§ **WHAT YOU ARE ASKED TO DO**:
The result should be an exact copy of the entries that follow, with no pictures included.

Data extracted from a collection
┄┄┄┄┄┄

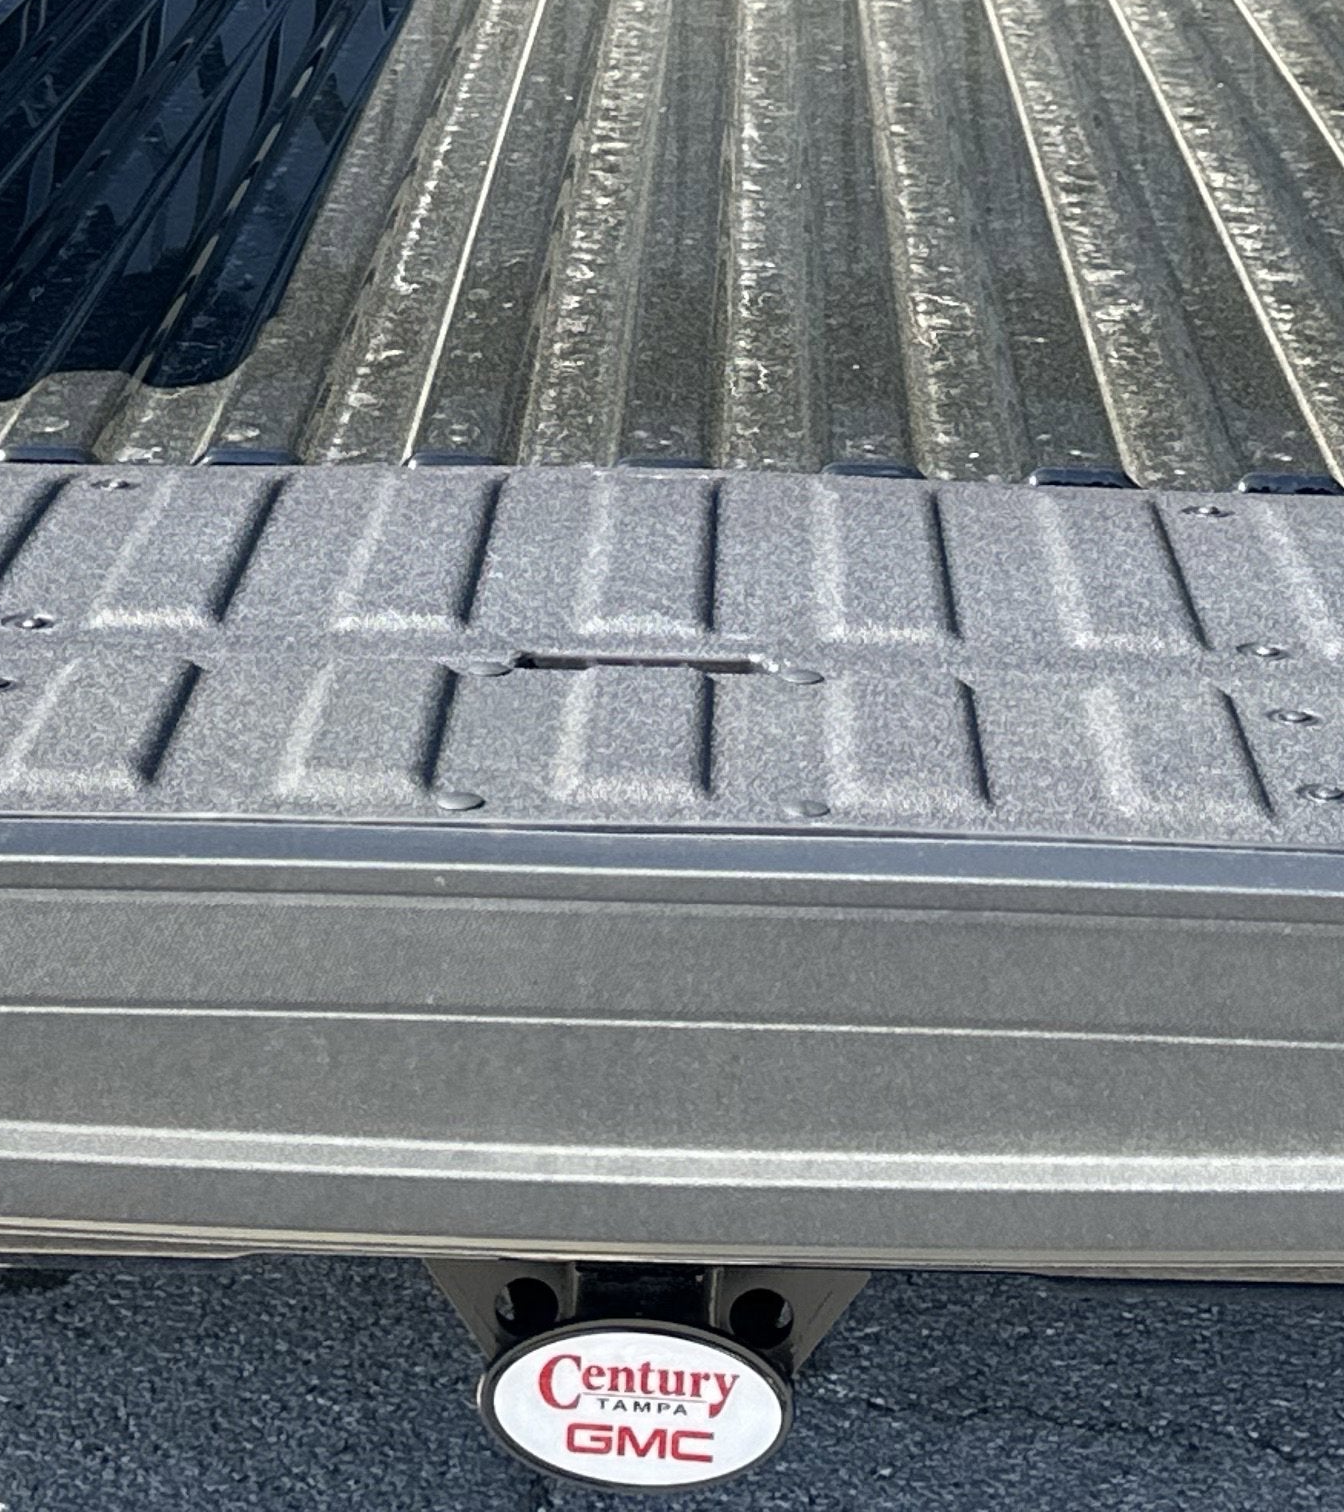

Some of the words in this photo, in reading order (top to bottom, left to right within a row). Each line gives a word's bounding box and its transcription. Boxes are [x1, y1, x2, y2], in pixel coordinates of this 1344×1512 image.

[538, 1354, 740, 1419] Century
[596, 1398, 688, 1416] TAMPA
[566, 1422, 714, 1463] GMC
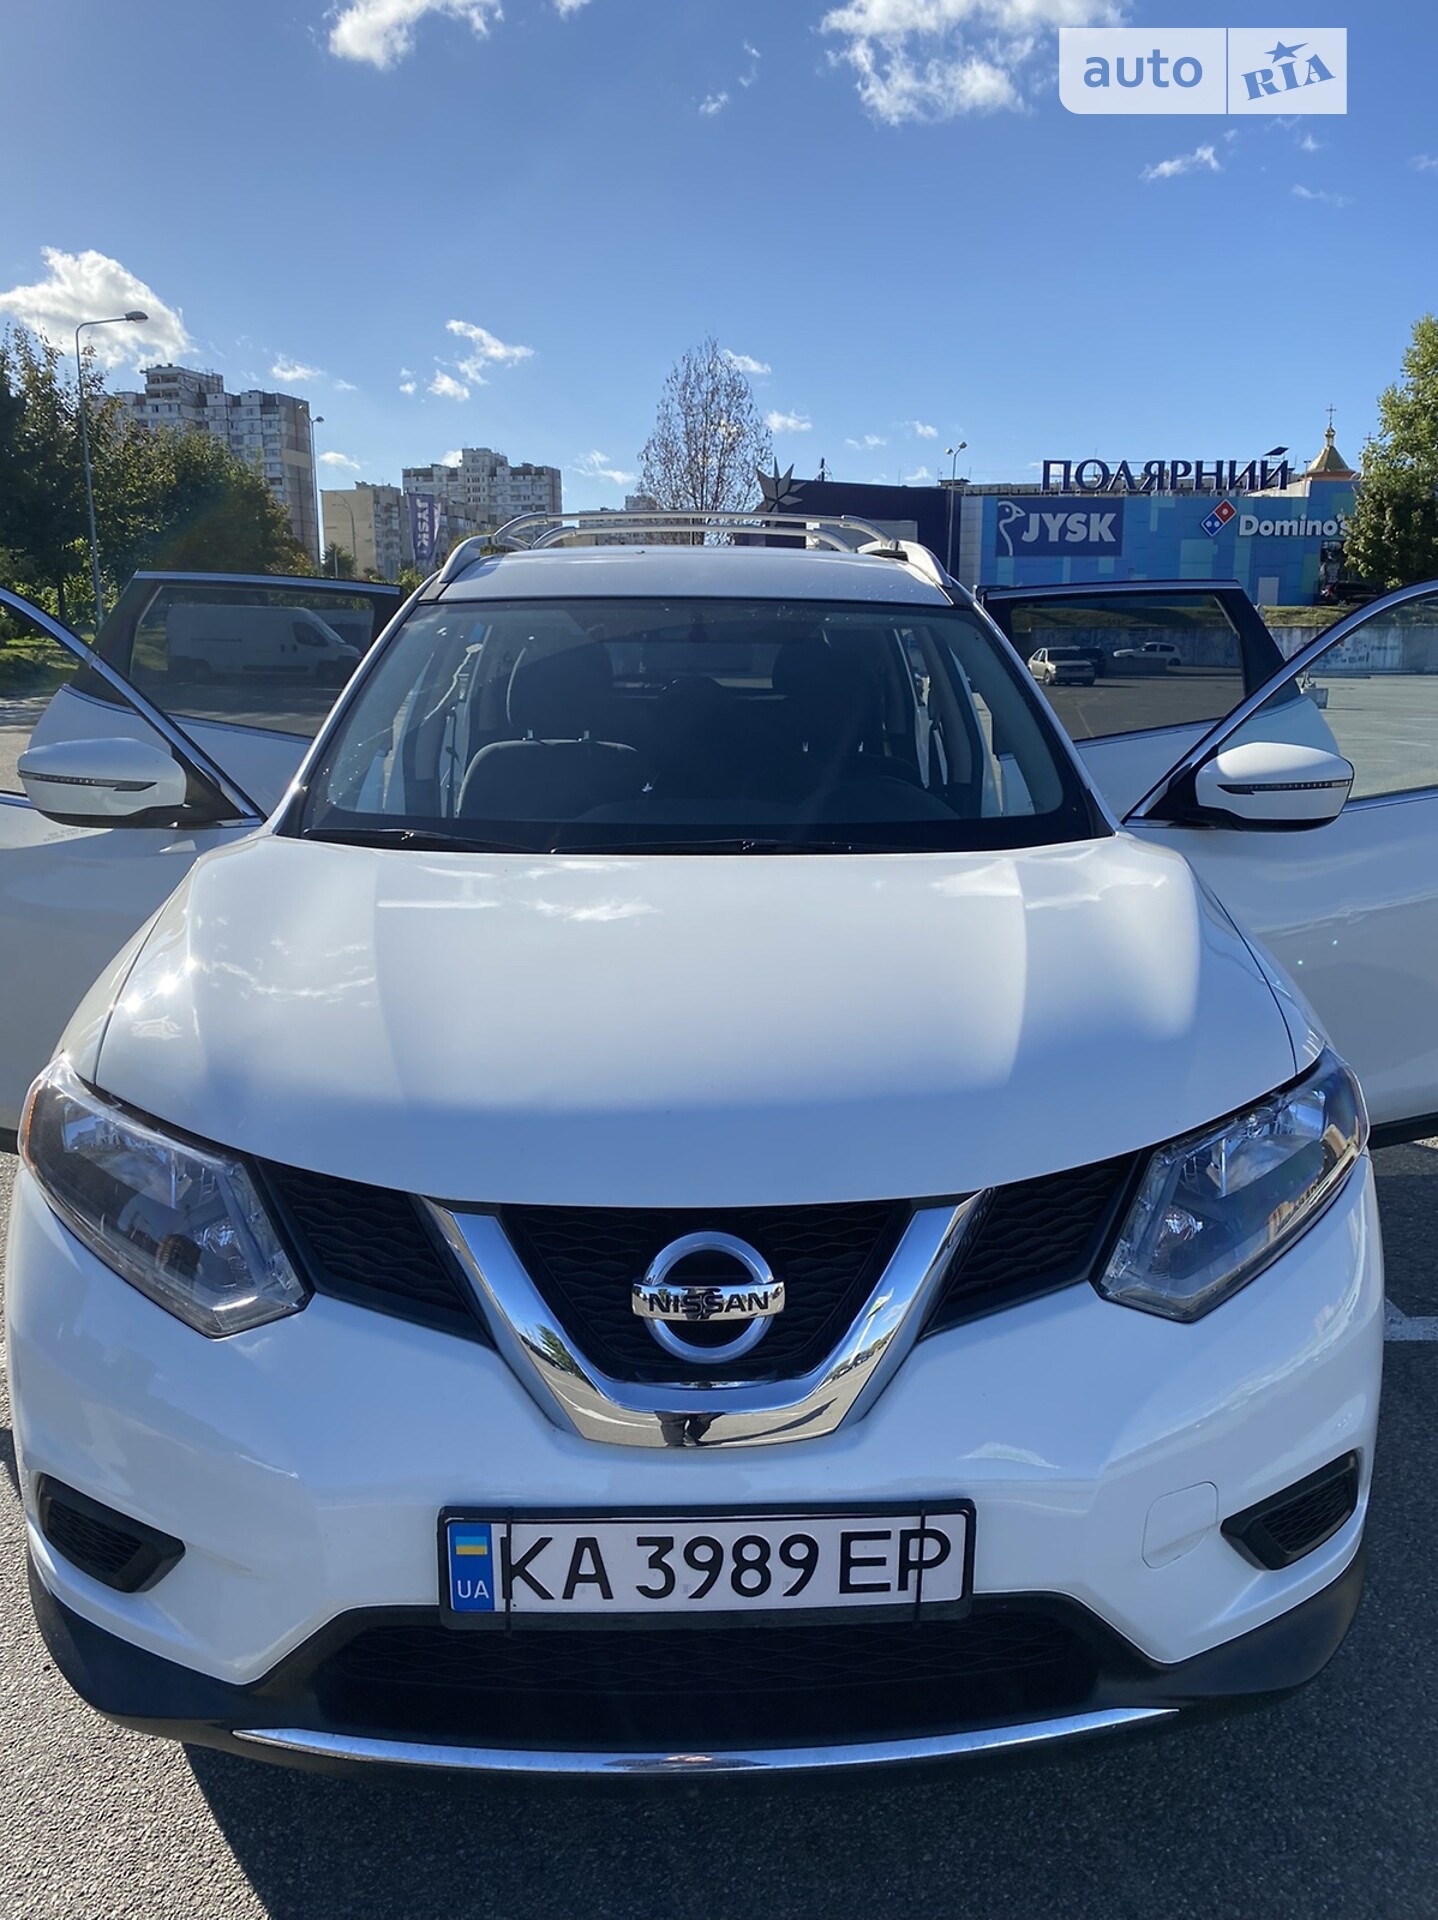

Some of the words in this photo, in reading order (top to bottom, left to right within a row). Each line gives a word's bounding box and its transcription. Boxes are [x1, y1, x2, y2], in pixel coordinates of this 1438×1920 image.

[1041, 446, 1289, 491] ПОЛЯРНИЙ
[416, 498, 429, 547] JYSK
[1021, 512, 1117, 543] JYSK
[649, 1291, 769, 1314] NISSAN
[500, 1536, 615, 1600] KA
[635, 1534, 820, 1599] 3989
[839, 1527, 951, 1594] EP
[457, 1579, 489, 1599] UA
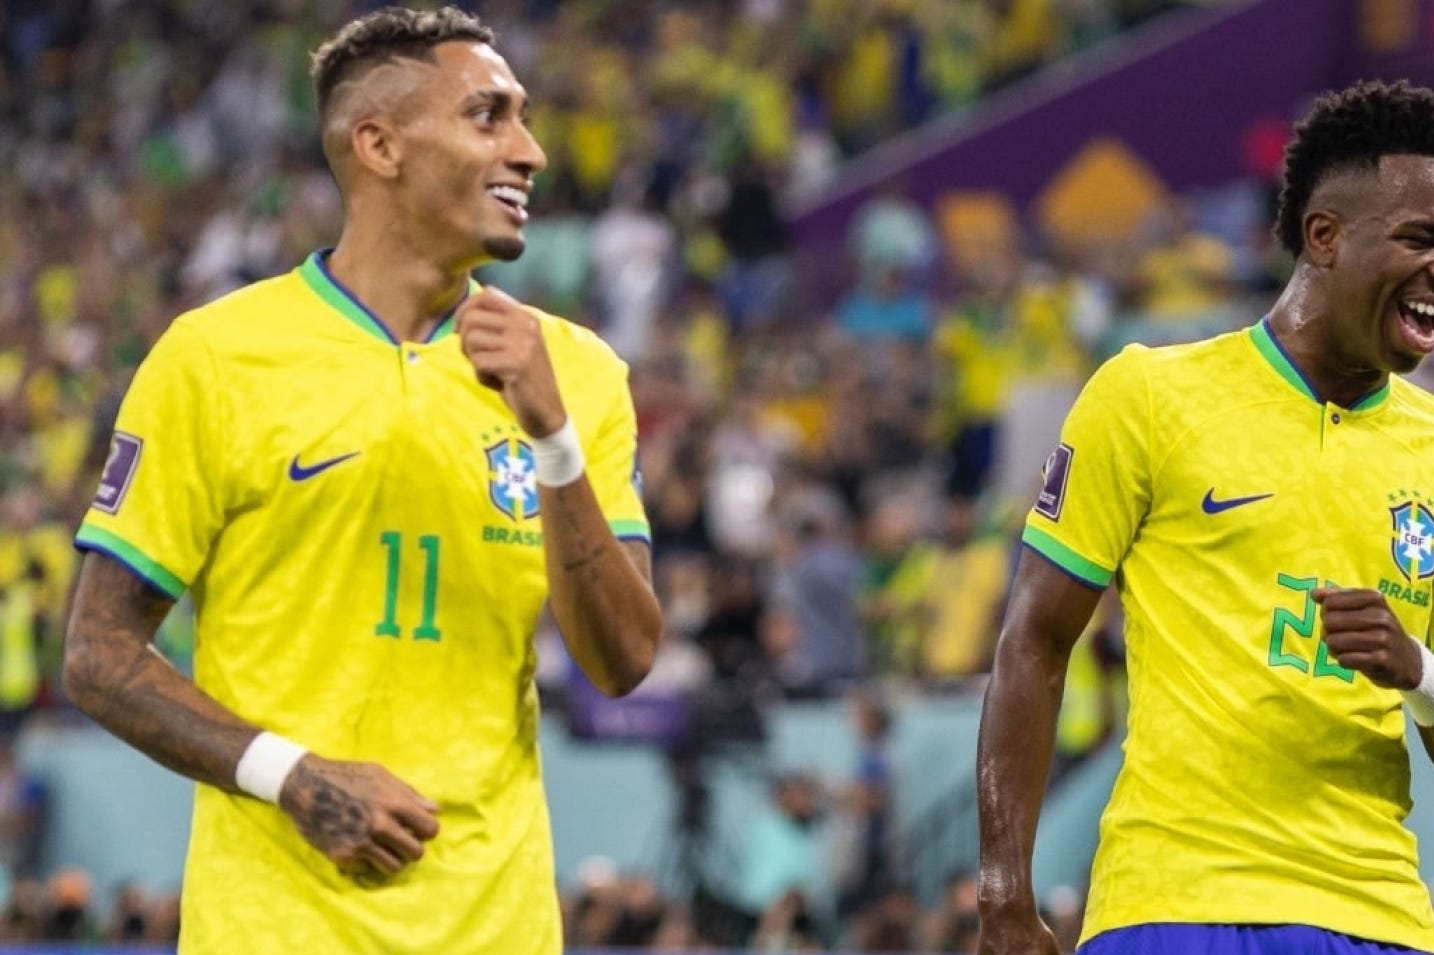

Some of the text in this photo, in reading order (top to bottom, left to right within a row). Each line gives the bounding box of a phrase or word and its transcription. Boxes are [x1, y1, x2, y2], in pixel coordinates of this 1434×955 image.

┄┄┄┄┄┄

§ **FINISHED EXERCISE**:
Some of the words in this photo, in reading order (top to bottom, left to right within a row). Each line gives a word's bounding box and its transcription. Boxes are [x1, y1, x2, y2], in pixel coordinates of this 1344×1512 image.

[538, 1354, 740, 1419] Century
[596, 1398, 688, 1416] TAMPA
[566, 1422, 714, 1463] GMC

Some of the words in this photo, in reading order (top to bottom, left to right within a row). Each line gives a word's bounding box and its transcription. Boxes are [x1, y1, x2, y2], in pixel coordinates of this 1438×1920 image.

[1041, 446, 1289, 491] ПОЛЯРНИЙ
[416, 498, 429, 547] JYSK
[1021, 512, 1117, 543] JYSK
[649, 1291, 769, 1314] NISSAN
[500, 1536, 615, 1600] KA
[635, 1534, 820, 1599] 3989
[839, 1527, 951, 1594] EP
[457, 1579, 489, 1599] UA

Some of the text in this photo, in reading order (top to bottom, left to right within a row). Each line gives the bounding box of a phrase or word and its transcription. Boxes are [x1, y1, x2, y2], in pixel coordinates of this 1434×955 image.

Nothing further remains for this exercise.